The standard practice these days is to include a trial period in employment agreements.  An employer is allowed to use a trial period of up to 90 days to assess the suitability of an employee, and the employee cannot raise a personal grievance for unjustified dismissal if he or she is terminated within the trial period.

A proposed law change will mean that employers who employ 20 or more employees will not be able to use trial periods in their employment agreements.  These employers will, however, be able to rely on probationary periods, so long as they comply with the following legal requirements:

  • The probationary period must be set out in the employment agreement.
  • The employment agreement must state how long the probationary period lasts.
  • Probationary periods must not restrict the rights of the employee, or the obligations of the employer, and minimum entitlements still apply.

While trial periods can only be for up to 90 days, probationary periods can be longer, provided they only last for a time which is reasonable in all the circumstances.

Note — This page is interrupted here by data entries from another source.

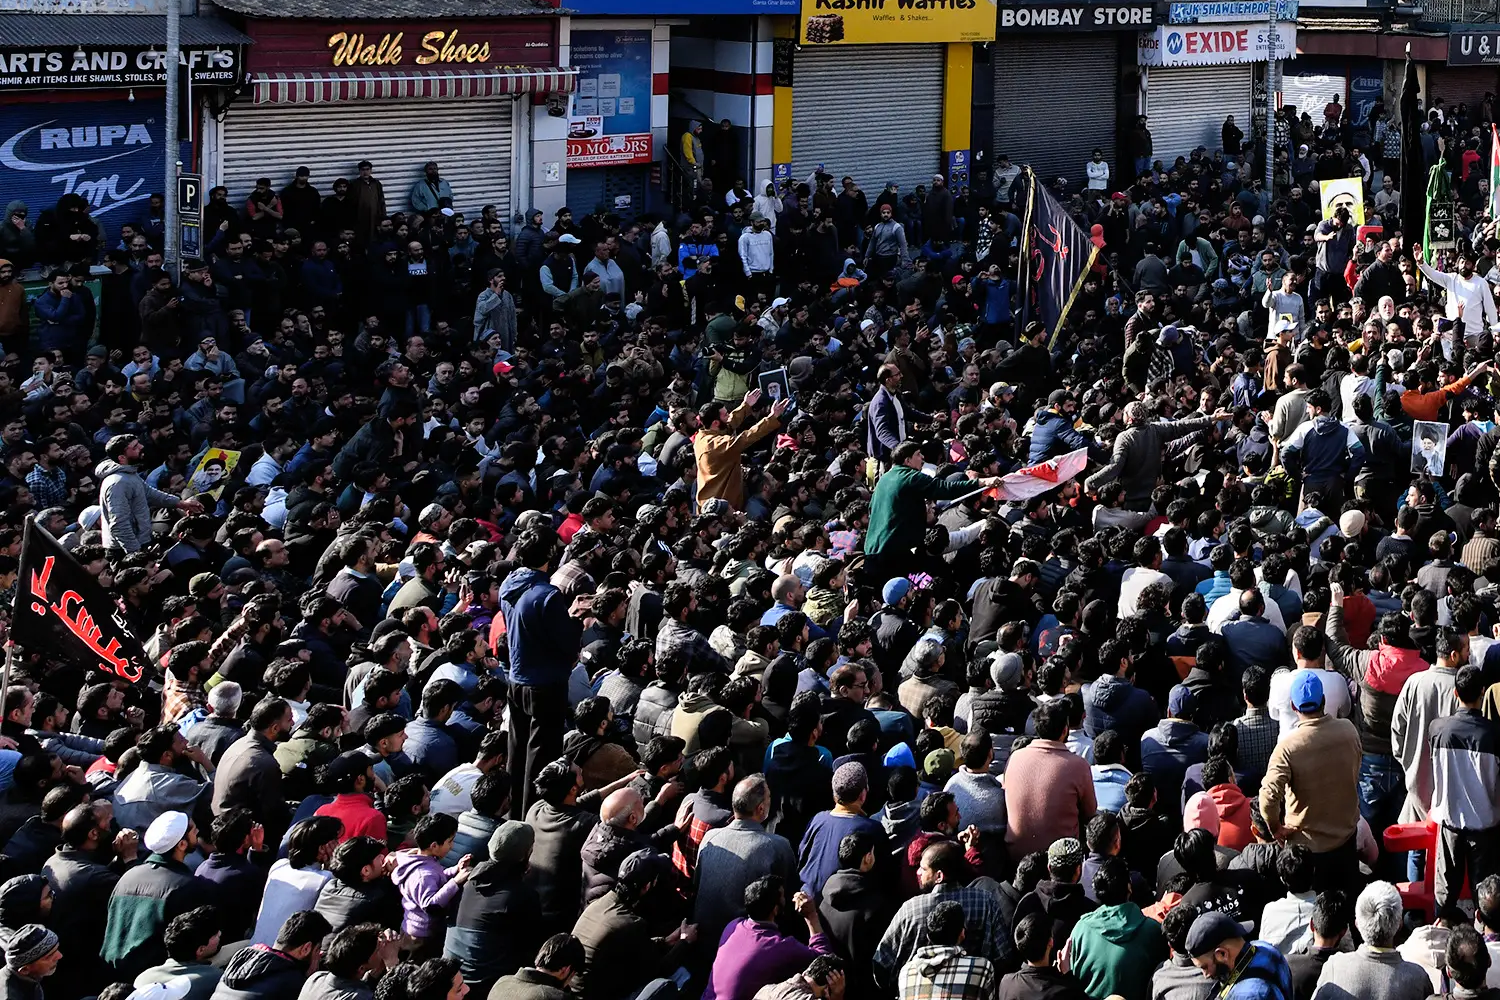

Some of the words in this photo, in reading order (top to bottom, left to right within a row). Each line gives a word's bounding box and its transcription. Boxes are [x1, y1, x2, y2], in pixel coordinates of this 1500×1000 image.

[872, 14, 896, 22] Waffles
[900, 14, 905, 22] &
[1002, 8, 1084, 27] BOMBAY
[1094, 7, 1153, 25] STORE
[1185, 2, 1199, 16] JK
[1202, 2, 1234, 15] SHAWL
[1236, 0, 1286, 14] EMPORM
[328, 31, 404, 67] Walk
[416, 29, 491, 65] Shoes
[1185, 30, 1249, 54] EXIDE
[1461, 36, 1473, 56] U
[1478, 35, 1491, 56] &
[71, 52, 127, 71] AND
[136, 50, 234, 70] CRAFTS
[0, 77, 22, 85] HMIR
[24, 76, 41, 84] ART
[43, 75, 68, 84] ITEMS
[70, 75, 87, 83] LIKE
[89, 74, 122, 83] SHAWLS,
[125, 73, 155, 83] STOLES,
[195, 71, 233, 80] SWEATERS
[40, 124, 153, 150] RUPA
[586, 140, 649, 155] MOORS
[186, 184, 196, 203] P

Trial periods can only be used to assess the suitability of new employees, but probationary periods can be included into the employment agreements of new, and existing, employees.  For instance, an employer can use a probation period to assess whether an employee is suitable for a promotion, or for a different role. An employee can use the probationary period to demonstrate their skills for the role.

During a probationary period, the employer should provide feedback and training for the employee, and if any issues arise, the employer should notify the employee. If applicable, the employer should advise the employee that their employment may not be continued after the probationary period ends.

At the conclusion of the probationary period, the employment continues automatically unless further action is taken by the employer or employee.  On the other hand, if the employer decides that the employee is not suitable for the role, they can dismiss the employee.

The employer must follow proper process, including assessing the employee fairly, indicating why the work is not good enough, and informing the employee that the employer is considering terminating the employment.

The employee must have an opportunity to respond, and the employer must genuinely take into account the employee’s response.  If the employer still decides to terminate the employment, the employer is required to give notice in accordance with the employment agreement.

Unlike trial periods, an employee may raise a personal grievance in response to a dismissal if it was unjustified, or a fair process was not followed.